こんな事が起きるという事は弁護士自治は健全に機能しておらず、一部の「お友達」達による「仲良し会」のような弁護士自治であることを露呈したという事である。こんなことが起きたのであれば社会正義の実現を使命とする弁護士としては、なぜこのような事態が発生したのか、弁護士さんたちが大好きな第三者委員会を弁護士以外で構成して調査を行い責任の所在を明らかにするべきなのであるが、自分たちの「仲良し組織」には、第三者の調査など必要ないらしい。まさに「弁護士の弁護士による弁護士のための弁護士自治」である。

弁護士自治の信託者は国民なのである。一部の弁護士仲間のたちの恣意的な弁護士自治は国民に害をなすだけなのである。ふざけた「お友達」同士の弁護士自治など何の役にも立たないことぐらい、頭の良い日弁連・各単位弁護士会の役員先生方もご理解なさっているはずだ。

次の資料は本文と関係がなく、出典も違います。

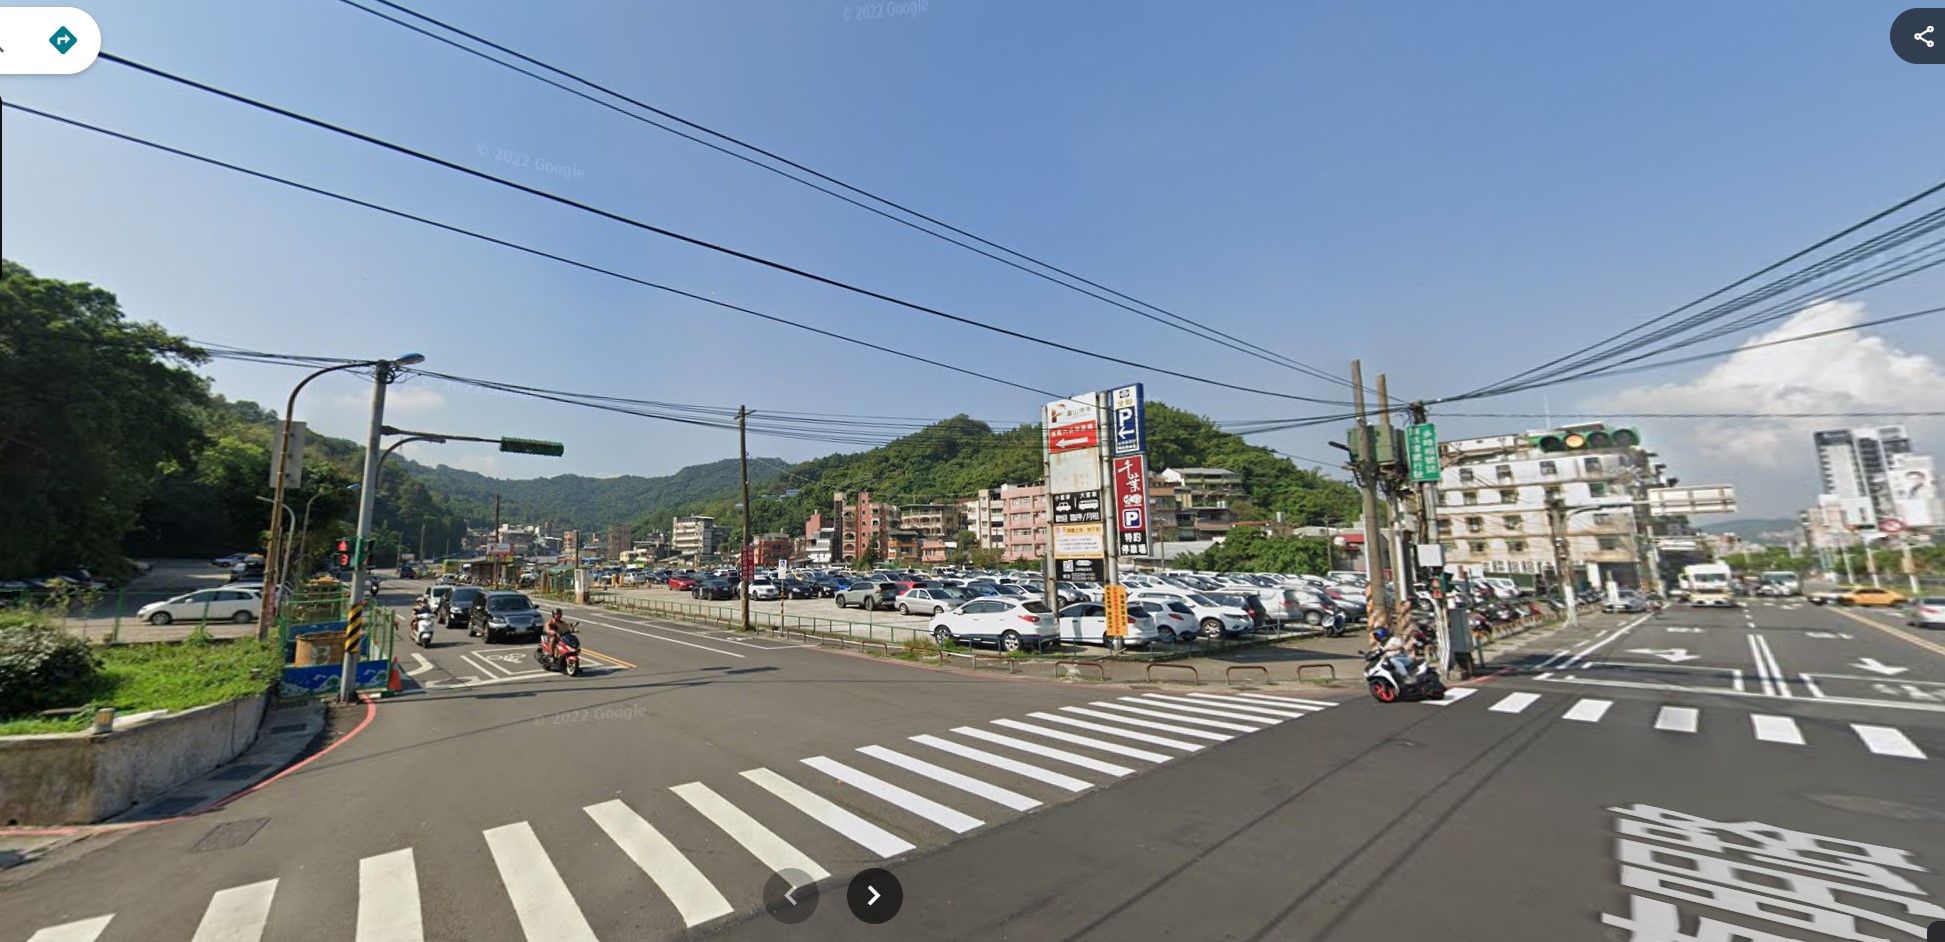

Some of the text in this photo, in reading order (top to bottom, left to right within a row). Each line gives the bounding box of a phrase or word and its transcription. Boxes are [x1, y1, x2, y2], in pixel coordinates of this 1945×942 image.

[1119, 407, 1133, 428] P
[1125, 511, 1139, 526] P
[340, 554, 349, 566] 3
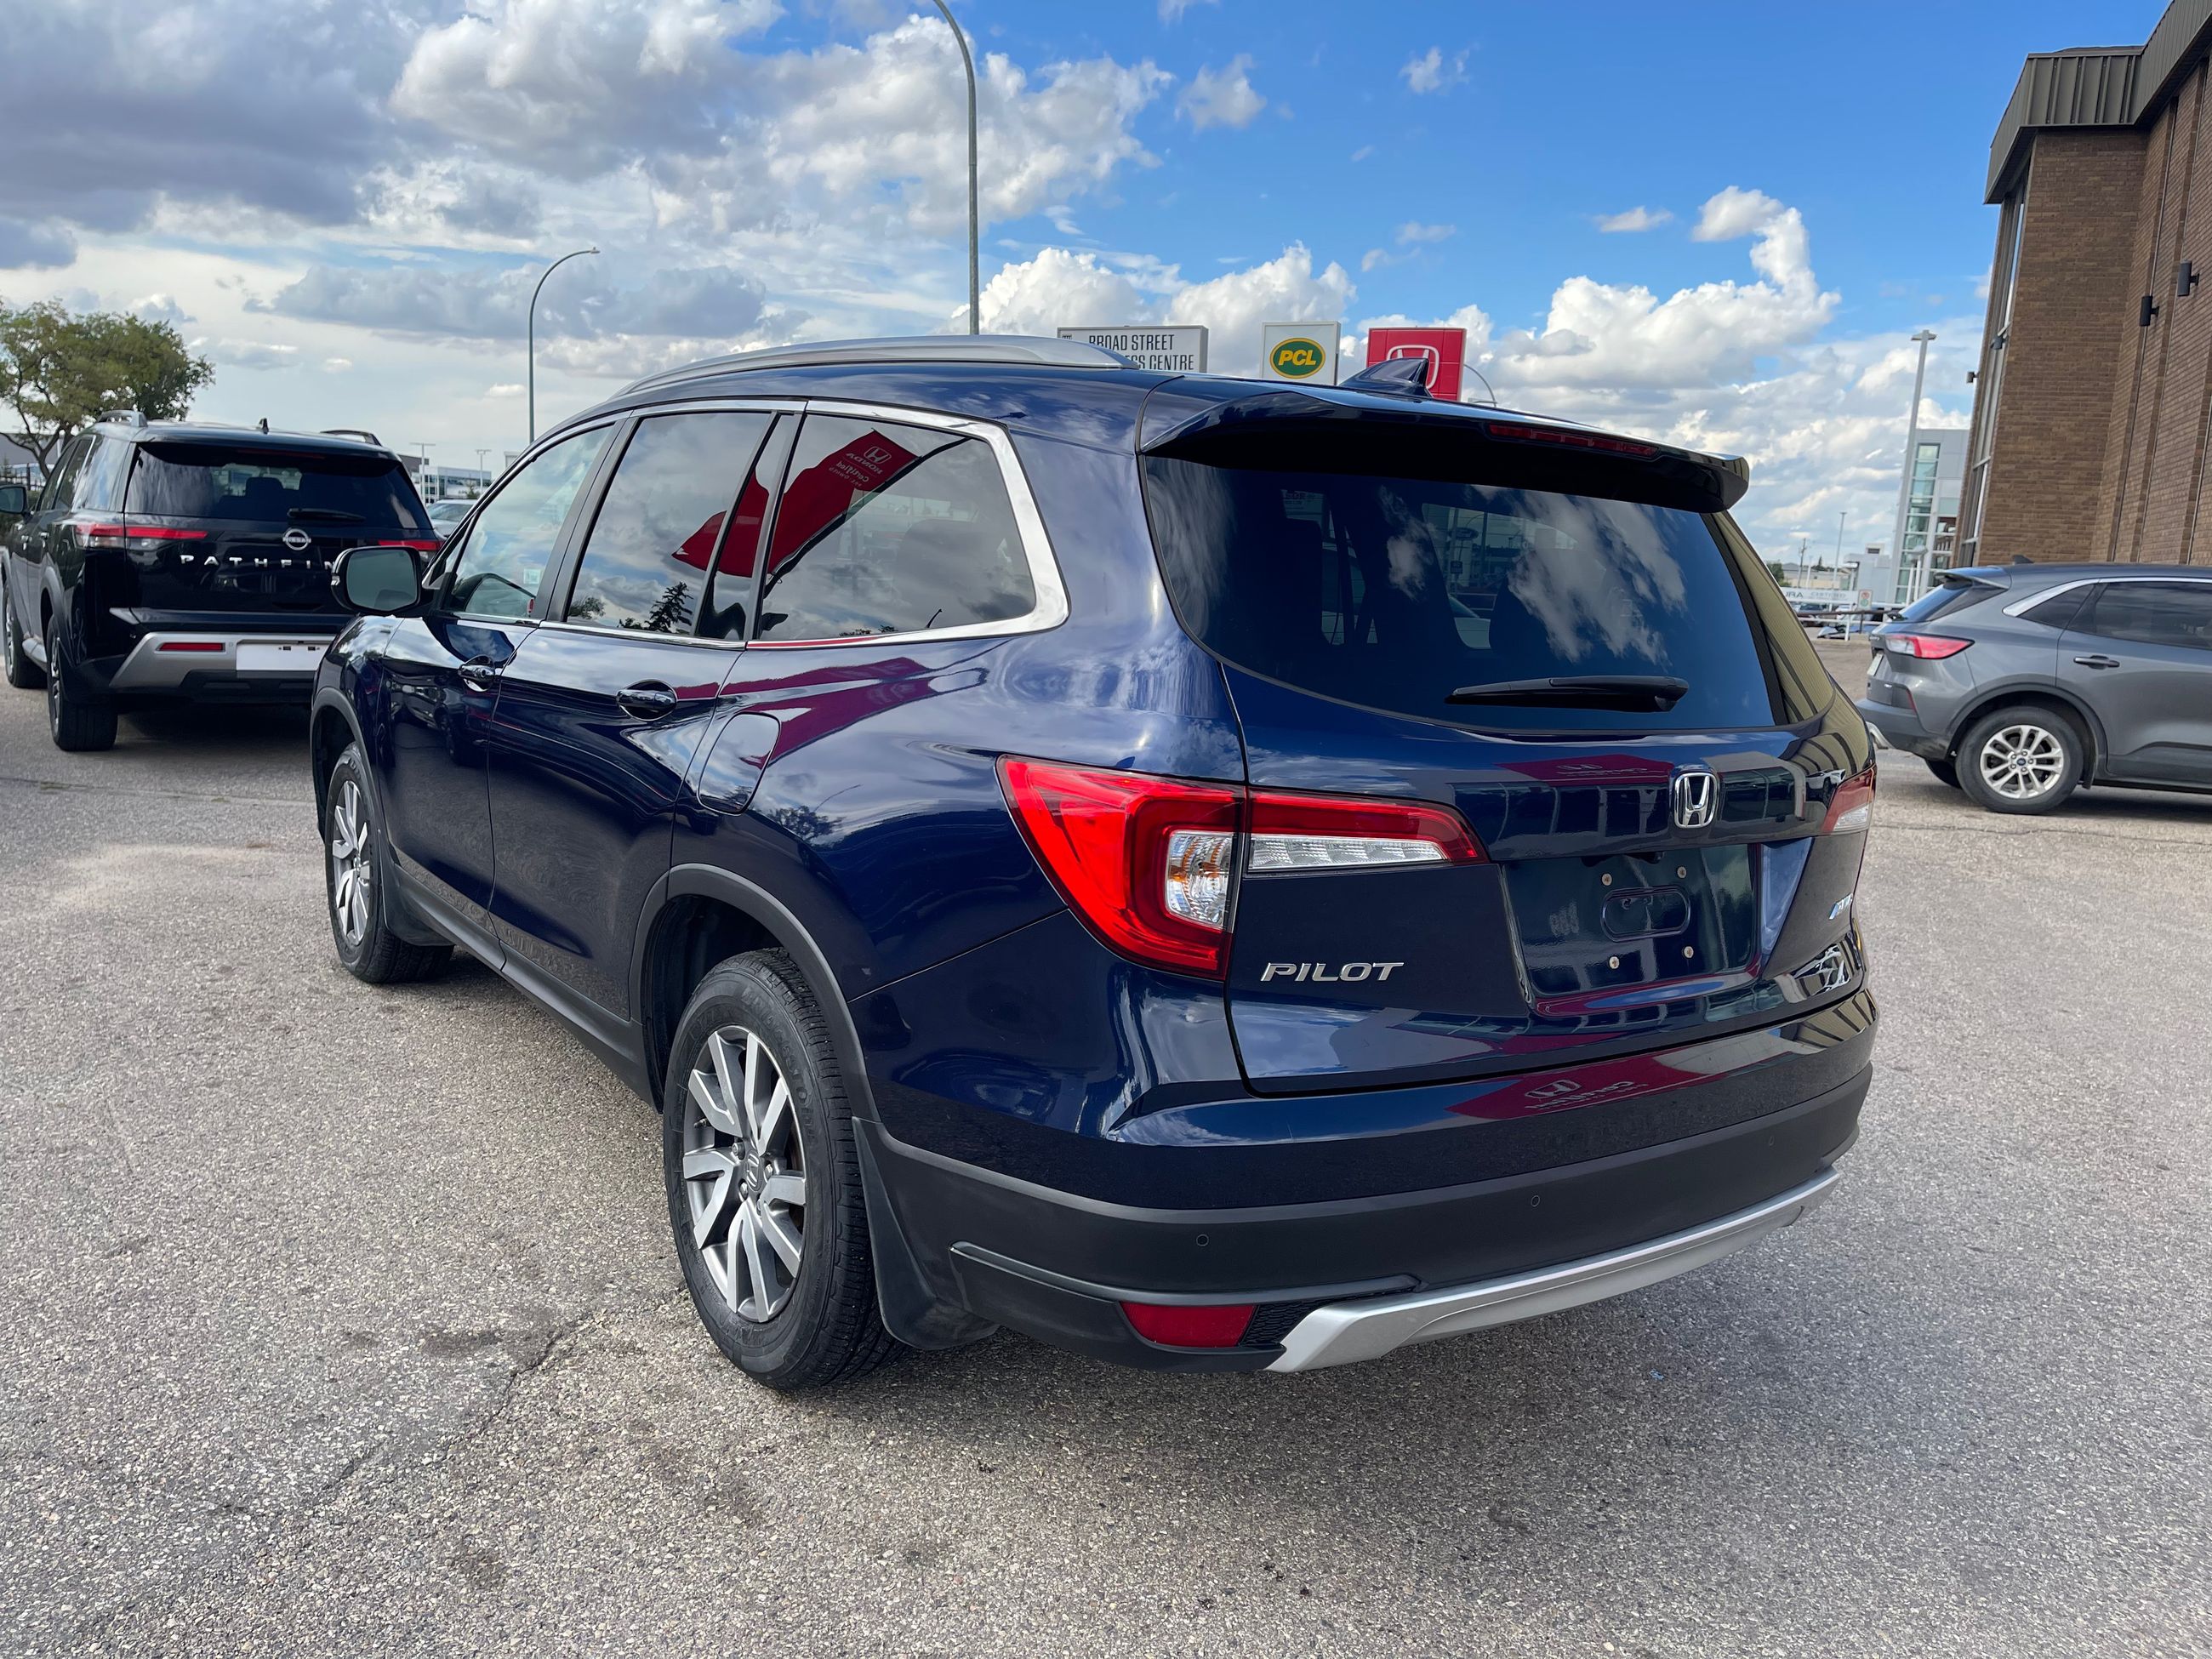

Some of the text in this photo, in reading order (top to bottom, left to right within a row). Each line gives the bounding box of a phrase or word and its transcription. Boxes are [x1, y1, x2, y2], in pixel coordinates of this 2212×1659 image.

[1089, 334, 1175, 351] BROAD STREET
[1149, 354, 1194, 370] CENTRE
[1278, 350, 1316, 366] PCL
[180, 554, 335, 571] PATHFIN
[1260, 961, 1405, 982] PILOT
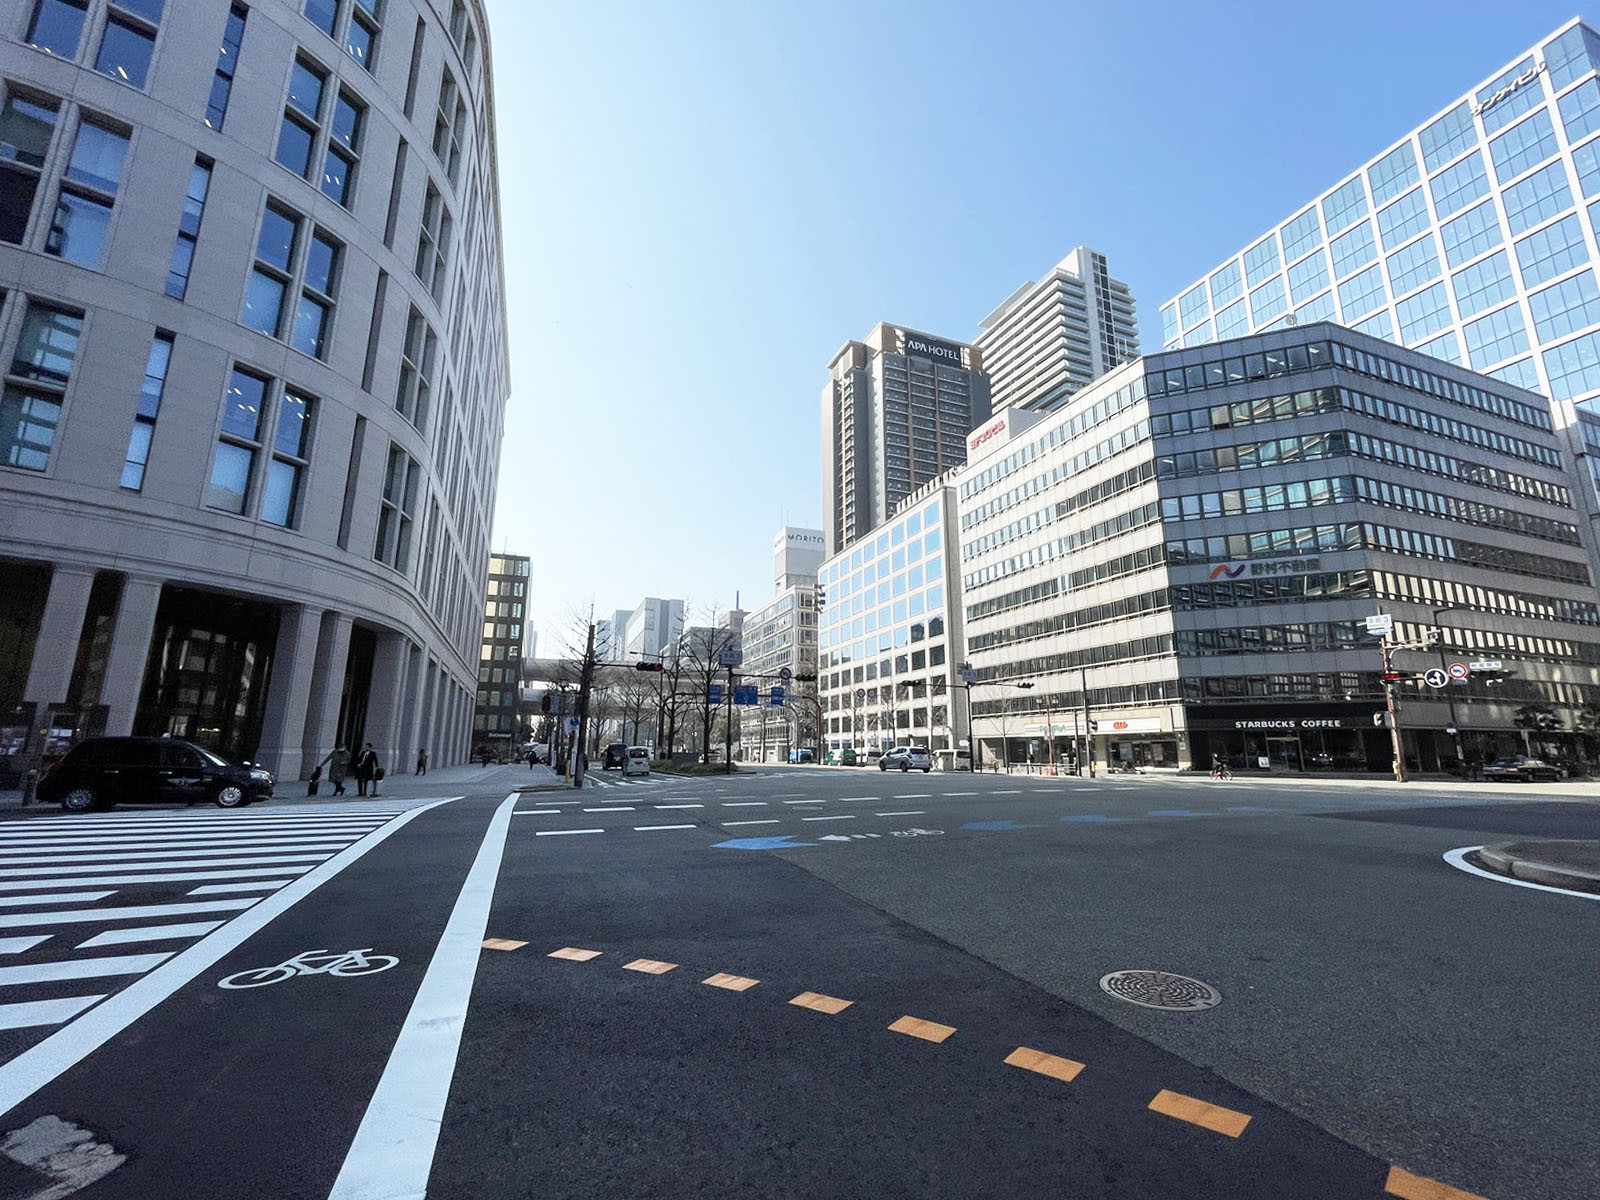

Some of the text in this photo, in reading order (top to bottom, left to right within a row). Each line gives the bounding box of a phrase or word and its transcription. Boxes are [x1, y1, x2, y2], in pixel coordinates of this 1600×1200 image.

ご自分たちの既得権益やくだらない名誉にしがみつかないでほしいものである。

“日弁連総会の委任状変造問題 弁護士自治は一部の弁護士らによる自治であることを露呈” への1件のフィードバック

  1. 誰の指示で、誰が、いつ、どこで、書き換えたか、印鑑は、委任を依頼した弁護士のものではないといけないのに、元会長の印鑑が押してあったら、書き換えたのは、元会長と判断すべきですよね。

    実行犯が別にいるなら、元会長の指示で書き換えられたということになるのではありませんか?

    日弁の事務員さんが、元会長の印鑑を預かって代わりに印鑑を押す日常の業務があるのでしょうか?

    悪意や故意があるのは、第三者にも分かりますが、どうやって証明するかの理論が必要ですよね。

    誰が、事務手続き上のミスと弁明したのでしょうか?弁明してのが、日弁の会長なら、その方もぐるですよね。

    前会長ではなくて、元会長なら何人もいるから今私たちは特定出来ないけど、委任を受けていた弁護士は、誰の印鑑が押してあったか知っているのですよね。